I’m more than willing to speculate.

  1. Charter management organizations professionalize central office functions like school districts spread over multiple schools versus replicating administrative functions at a single site at high cost. This leads to both higher quality staff and operations and lower operational costs that allow for greater investment in student learning. Also, expansion as a CMO, in at least some states, requires a track record of success generally.
  2. Northeastern states have more robust charter authorizing policies from the perspective of ensuring quality. They tend to be stricter about opening new charters and likely disproportionately have oversubscribed charters only.
  3. Urban students are coming from school systems with lower absolute performance and growth is asymmetric. It’s likely that it’s easier to grow from low baselines (we see this with “most improved” on absolute scores for things like NAEP or international comparisons like PISA almost always happening in lower, absolute, performers). So improvements should be more pronounced from lower baselines.
  4. The same argument for urban students applies to students in poverty and Black and Hispanic students, all being highly correlated. There’s also (in Northeastern urban charters) a reasonable likelihood of a more diverse teaching force and more direct focus on improving achievement for these specific subgroups of students (sometimes it’s a part of the process of getting a charter!).

Places like Ohio look bad because Ohio lets lots of people who have no idea how to run schools run schools with no meaningful consequences. The charters there seem to routinely go bust on financial mismanagement. Bad charter law (re: no accountability, few limits) results in bad charters.

I find discussing “charters” frustrating because the term itself lacks a universal definition. The legal structures governing charter schools vary greatly from state to state. Some of these structures are effective at producing higher quality charter schools, others, not so much. Unfortunately, each interest group involved in the charter school debate has their own agenda. As a result, their assessments of high or low-quality charter laws are often misguided. I believe charter school success should be measured by the educational outcomes they provide for students in underperforming school systems. However, the focus of groups assessing charter authorizing laws tends to be on factors like sector expansion, alternative notions of “choice” or “competition,” or even a desire to eliminate charter schools altogether.

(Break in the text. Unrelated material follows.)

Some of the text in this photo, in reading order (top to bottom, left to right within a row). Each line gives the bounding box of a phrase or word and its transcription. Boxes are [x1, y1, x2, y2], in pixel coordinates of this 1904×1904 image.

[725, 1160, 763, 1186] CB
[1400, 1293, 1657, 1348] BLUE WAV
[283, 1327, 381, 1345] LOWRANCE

One more thought– suburban charter schools primarily cater to students already enrolled in well-performing schools. These charter schools are established to address the specific preferences of relatively affluent parents who, for various reasons, feel that their needs are not being met by traditional neighborhood schools. For instance, in certain states (which will remain unnamed), it appears that the charter school sector exists with the purpose of segregating white students from their Black counterparts. These schools serve students who are already academically successful and, in many cases, prioritize fulfilling parental preferences that are unrelated or even contrary to educational outcomes.